The around 18,000 idle rental cars packed like sardines in former sugar cane fields surrounding Maui’s Kahului airport are a daily reminder of just how many people had been on the roads, particularly the famed Hana Highway. In recent years, residents along the Road to Hana created the Hana Highway Regulation Committee in a community effort to curtail tourists from parking illegally, hindering local motorists, standing in traffic lanes to snap selfies, and trespassing on private property. Since March, the stretch of highway between Kaupakalua Road to Hana Town has been restricted to local traffic in an effort to protect the remote community from the coronavirus. If it were up to most Hana locals, it would remain that way.

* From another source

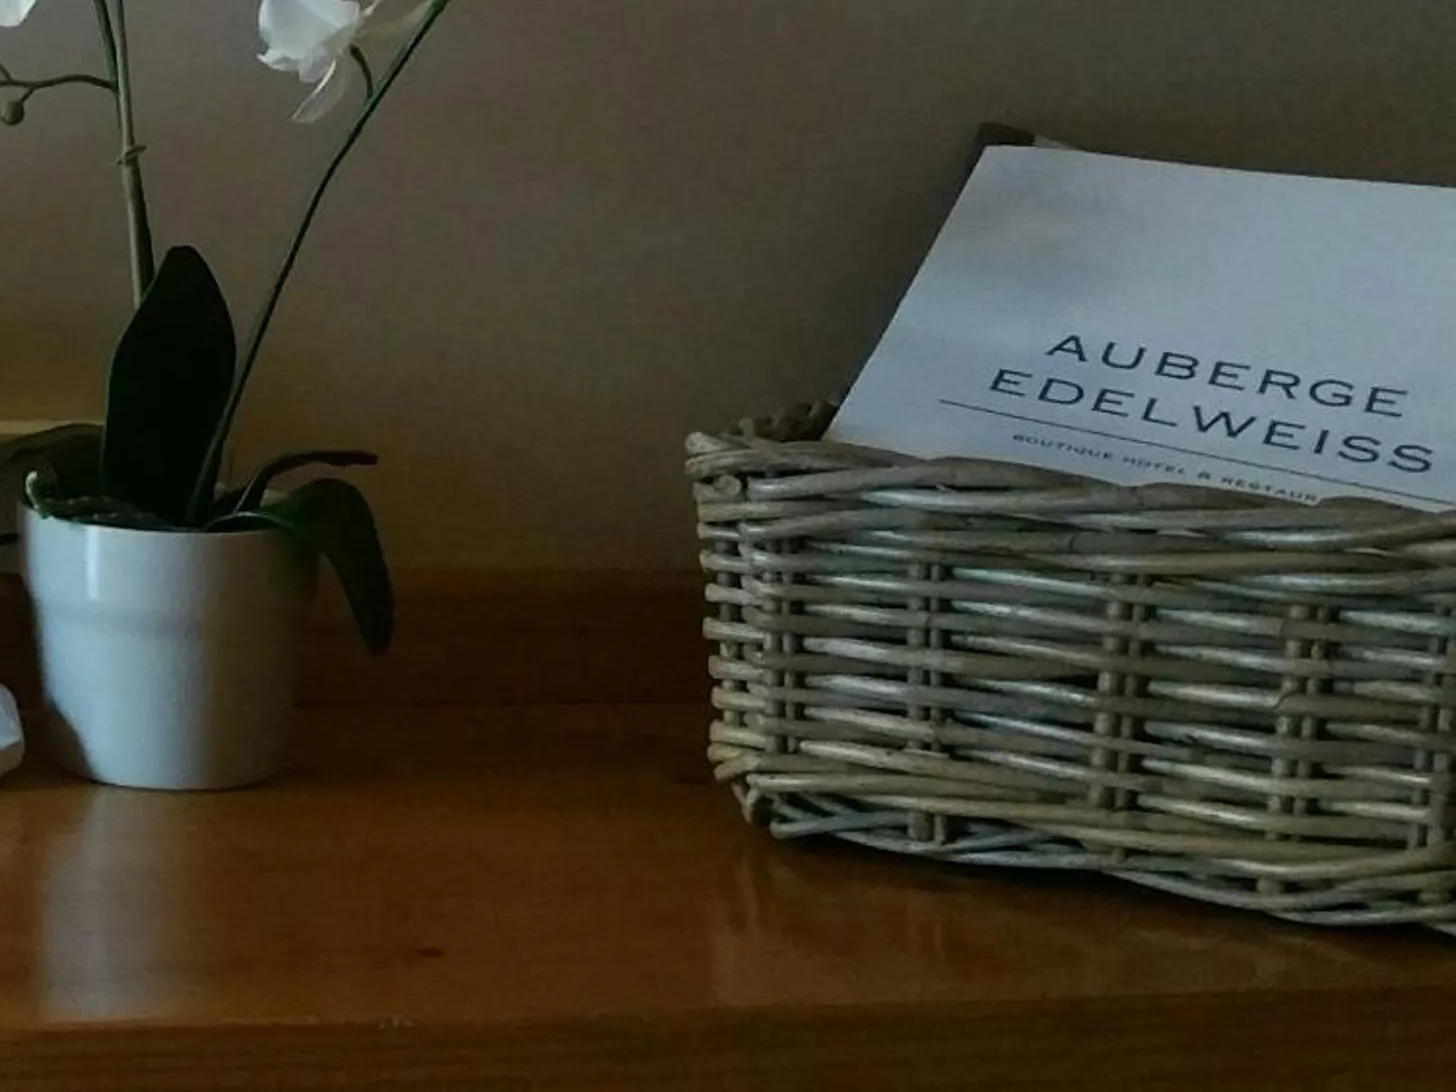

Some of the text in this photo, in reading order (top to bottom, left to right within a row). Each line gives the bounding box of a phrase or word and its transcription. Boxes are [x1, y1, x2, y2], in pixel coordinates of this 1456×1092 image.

That sentiment extends beyond Hana. “I haven’t talked to a single person who misses tourists,” says 'Ekolu Lindsey, whose family has lived in Lahaina since the 1800s. “We’re the last local family on this beach,” he says. “Vacation rentals next door go for $10,000 a week and renters think they can do what they want because they’re on vacation. We’d become beholden to tourists.” The president of Maui Cultural Lands, a grassroots land trust organization, Lindsey notes Hawaii has been marketed as a playground for too long. The reef near his home is struck more than 900 times a year by snorkelers and recreational paddlers. “Maybe it’s time we temper our short-term economic [concerns] for long-term resilience by taking better care of our ocean resources and people,” he says.
When Travel Restarts, Hawaiians Are Hoping for a More Respectful Future
© Getty

Overtourism was also impacting Hawaiian culture. “The moral fabric was changing,” says Lindsey. “People have to work two to three jobs to make a living here. They didn’t have time to pass on knowledge and traditions. With this break, I’m seeing families fishing together again. It reminds me of the '70s.”

At the start of 2020, the tourism authority had pivoted it's messaging around sustainable and cultural tourism, but with its budget slashed nearly 45 percent, who will take on the responsibility of educating visitors? “The majority of tourists come and go year after year without knowing the true meaning of the culture,” says Bullet Obra, a native of the Big Island. As head of watersports at Mauna Lani, an Auberge Resort, he makes it his responsibility to share his culture and the history of the area. “Once I get guests in a canoe, I make the experience more meaningful by sharing a chant or explaining the significance of paddling to our culture,” he says.

Will Elliott, an Oahu native who works in commercial real estate, says there needs to be a shift in travelers' mindsets, too. “When you talk to bartenders, hula dancers, and retailers they tell you their job is not fulfilling,” he says. “They’re entertaining people who don’t care about the culture and that’s heartbreaking.” Most tourists pay $30 for a Mai Tai or $100 for a seat at a luau and that’s their Hawaii experience, notes Elliott. “We need to change the current consumer mindset to a contribution mindset, so people can go into the local communities and experience and understand the culture,” he says. “That’s how you create respectful, socially conscious visitors.”